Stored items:
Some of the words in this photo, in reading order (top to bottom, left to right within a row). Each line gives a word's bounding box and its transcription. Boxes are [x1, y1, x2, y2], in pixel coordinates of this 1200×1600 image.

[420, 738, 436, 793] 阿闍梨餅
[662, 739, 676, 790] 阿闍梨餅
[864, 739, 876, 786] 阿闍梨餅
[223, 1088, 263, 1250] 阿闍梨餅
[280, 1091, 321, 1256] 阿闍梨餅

TASK DESCRIPTION: Your answer must be the full set of entries, copied exactly.

ANSWER SECTION:
Some of the words in this photo, in reading order (top to bottom, left to right within a row). Each line gives a word's bounding box and its transcription. Boxes are [x1, y1, x2, y2], in pixel coordinates of this 1200×1600 image.

[420, 738, 436, 793] 阿闍梨餅
[662, 739, 676, 790] 阿闍梨餅
[864, 739, 876, 786] 阿闍梨餅
[223, 1088, 263, 1250] 阿闍梨餅
[280, 1091, 321, 1256] 阿闍梨餅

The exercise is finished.